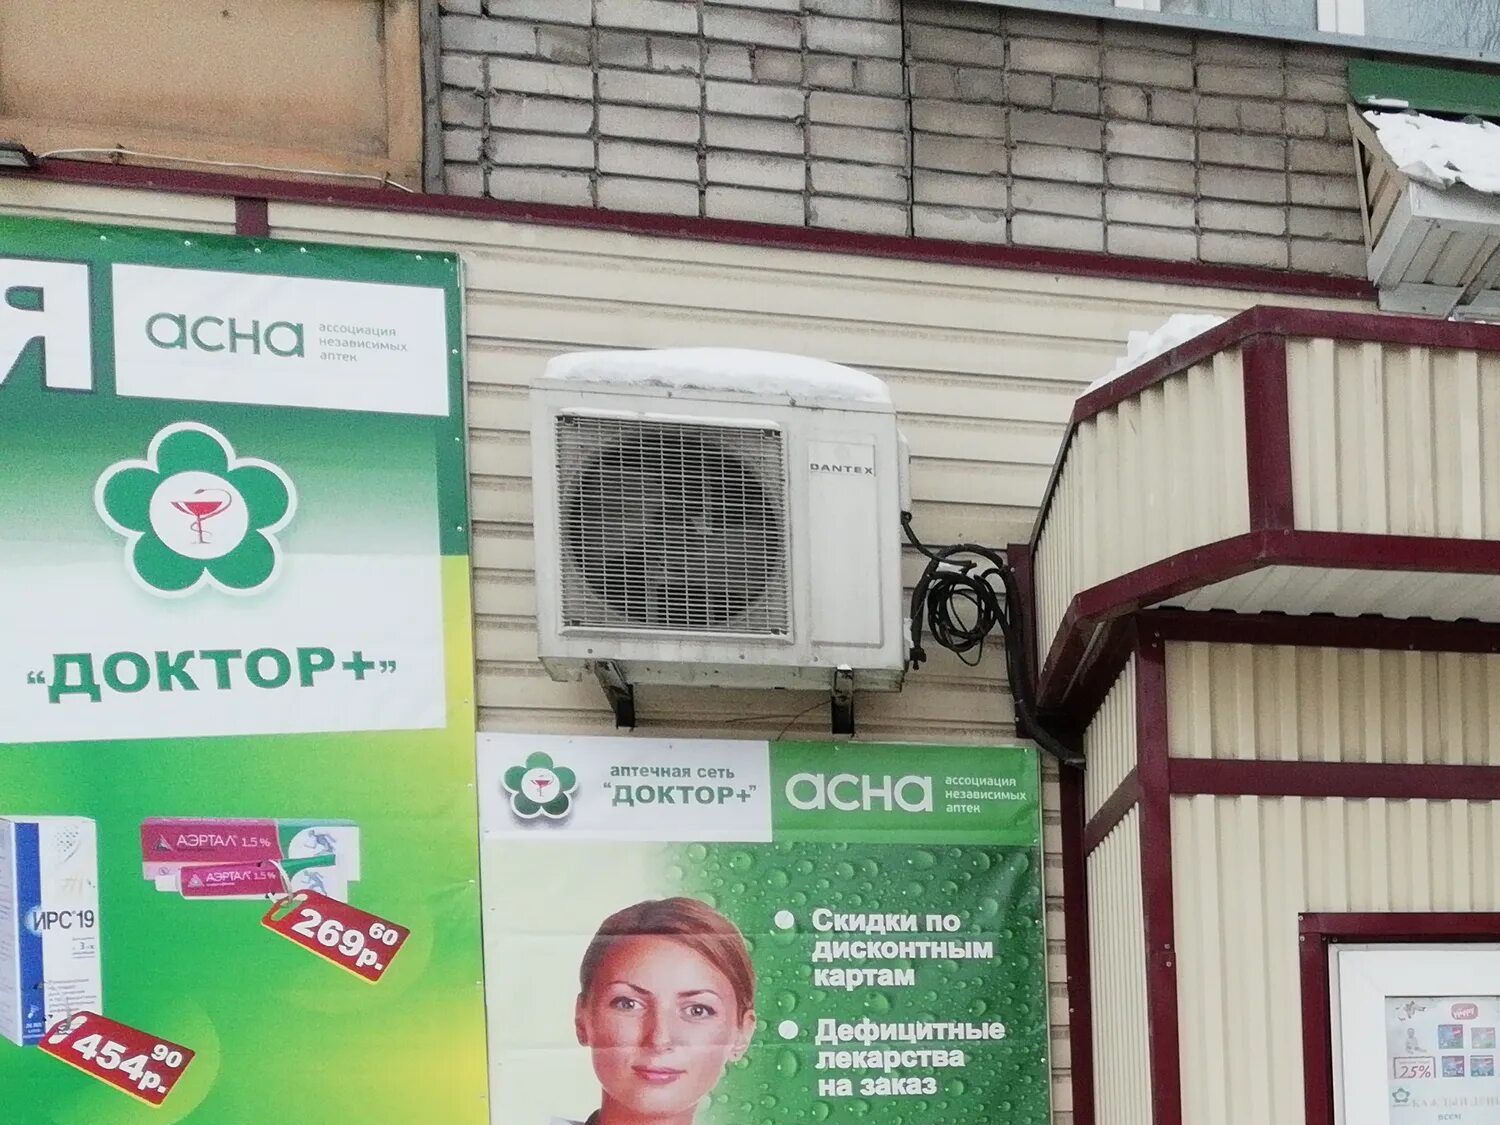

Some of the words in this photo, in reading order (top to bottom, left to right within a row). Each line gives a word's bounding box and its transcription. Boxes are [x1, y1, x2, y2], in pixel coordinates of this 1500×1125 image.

[144, 311, 306, 358] асна
[319, 323, 397, 337] ассоциация
[319, 338, 408, 352] независимых
[320, 352, 358, 362] аптек
[809, 463, 873, 475] DANTEX
[610, 765, 691, 778] аптечная
[697, 767, 735, 779] сеть
[945, 775, 1017, 787] ассоциация
[785, 773, 933, 812] асна
[945, 790, 1027, 801] независимых
[946, 803, 981, 813] аптек
[176, 834, 236, 847] АЭРТАЛ
[77, 909, 94, 928] 19
[812, 908, 917, 935] Скидки
[926, 913, 961, 932] по
[369, 922, 398, 946] 60
[812, 941, 993, 962] дисконтным
[814, 968, 915, 991] картам
[815, 1018, 1006, 1046] Дефицитные
[151, 1044, 182, 1068] 90
[815, 1049, 965, 1073] лекарства
[818, 1079, 853, 1097] на
[860, 1077, 938, 1096] заказ
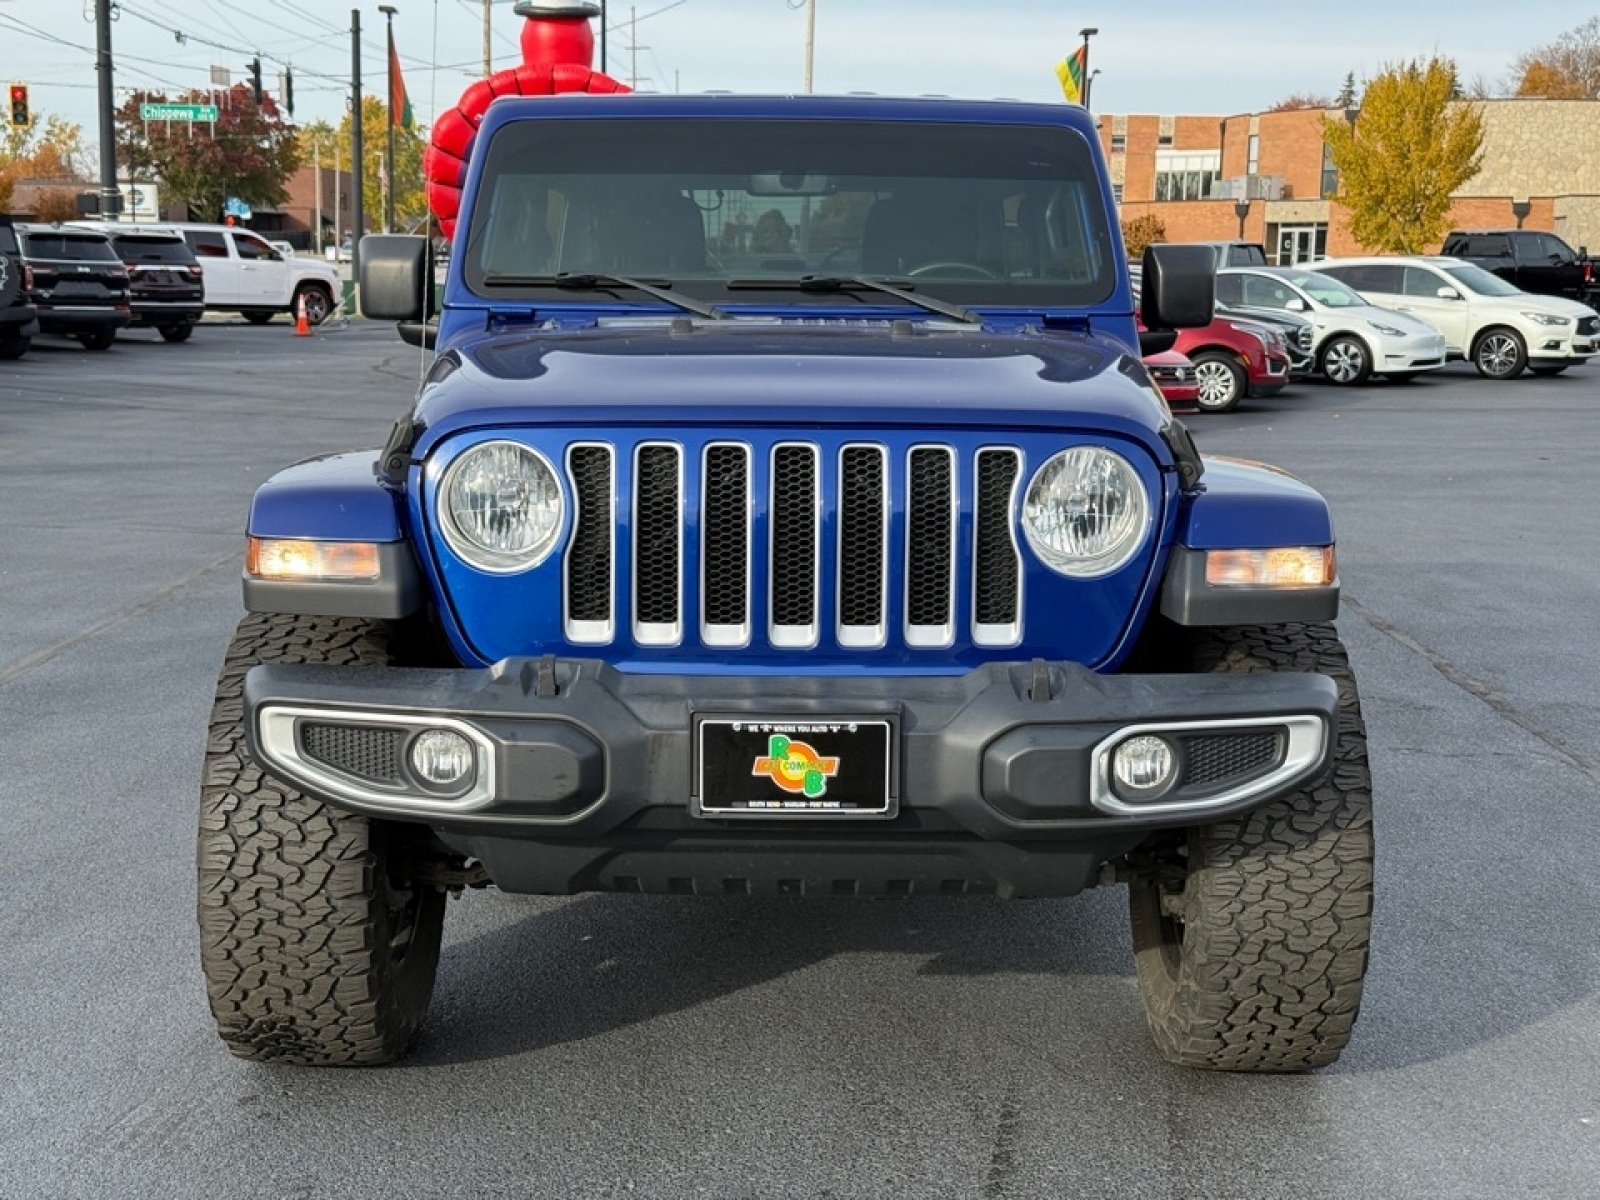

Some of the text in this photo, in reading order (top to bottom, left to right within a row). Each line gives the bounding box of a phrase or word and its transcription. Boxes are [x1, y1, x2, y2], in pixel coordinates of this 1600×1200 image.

[144, 106, 194, 119] Chippewa
[769, 735, 790, 759] R
[803, 770, 827, 797] B

§ DIRECTIONS FOR THIS TASK
Without any pictures, return the material above exactly.

§ RESULT
Some of the words in this photo, in reading order (top to bottom, left to right within a row). Each line gives a word's bounding box and its transcription. Boxes are [x1, y1, x2, y2], in pixel coordinates of this 1500×1125 image.

[144, 311, 306, 358] асна
[319, 323, 397, 337] ассоциация
[319, 338, 408, 352] независимых
[320, 352, 358, 362] аптек
[809, 463, 873, 475] DANTEX
[610, 765, 691, 778] аптечная
[697, 767, 735, 779] сеть
[945, 775, 1017, 787] ассоциация
[785, 773, 933, 812] асна
[945, 790, 1027, 801] независимых
[946, 803, 981, 813] аптек
[176, 834, 236, 847] АЭРТАЛ
[77, 909, 94, 928] 19
[812, 908, 917, 935] Скидки
[926, 913, 961, 932] по
[369, 922, 398, 946] 60
[812, 941, 993, 962] дисконтным
[814, 968, 915, 991] картам
[815, 1018, 1006, 1046] Дефицитные
[151, 1044, 182, 1068] 90
[815, 1049, 965, 1073] лекарства
[818, 1079, 853, 1097] на
[860, 1077, 938, 1096] заказ

Some of the text in this photo, in reading order (top to bottom, left to right within a row). Each line gives the bounding box of a phrase or word and its transcription. Boxes are [x1, y1, x2, y2], in pixel coordinates of this 1600×1200 image.

[144, 106, 194, 119] Chippewa
[769, 735, 790, 759] R
[803, 770, 827, 797] B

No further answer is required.